WORK ITEM
Reproduce every record below exactly, with the pictures left out.

DATA RECORDS
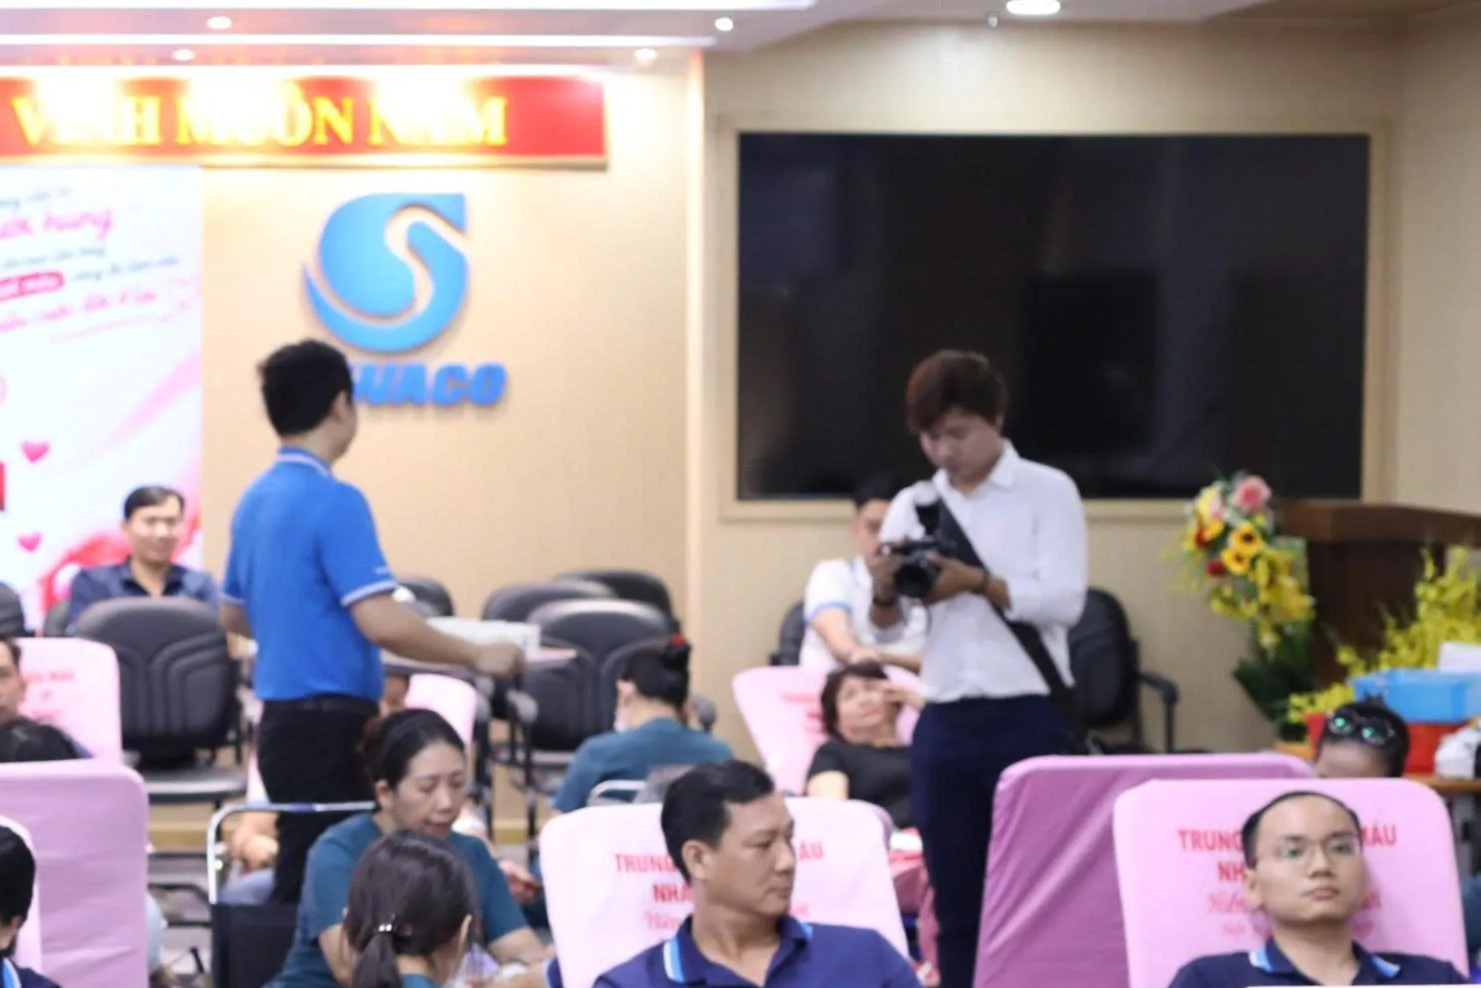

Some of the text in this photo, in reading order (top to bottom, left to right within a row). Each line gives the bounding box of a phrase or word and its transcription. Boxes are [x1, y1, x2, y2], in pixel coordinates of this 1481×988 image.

[11, 97, 162, 147] VH
[367, 97, 507, 147] NM
[352, 361, 507, 407] WACO
[1218, 861, 1245, 882] NH

COMPLETED EXERCISE
Some of the text in this photo, in reading order (top to bottom, left to right within a row). Each line gives the bounding box of a phrase or word and its transcription. Boxes are [x1, y1, x2, y2], in pixel coordinates of this 1481×988 image.

[11, 97, 162, 147] VH
[367, 97, 507, 147] NM
[352, 361, 507, 407] WACO
[1218, 861, 1245, 882] NH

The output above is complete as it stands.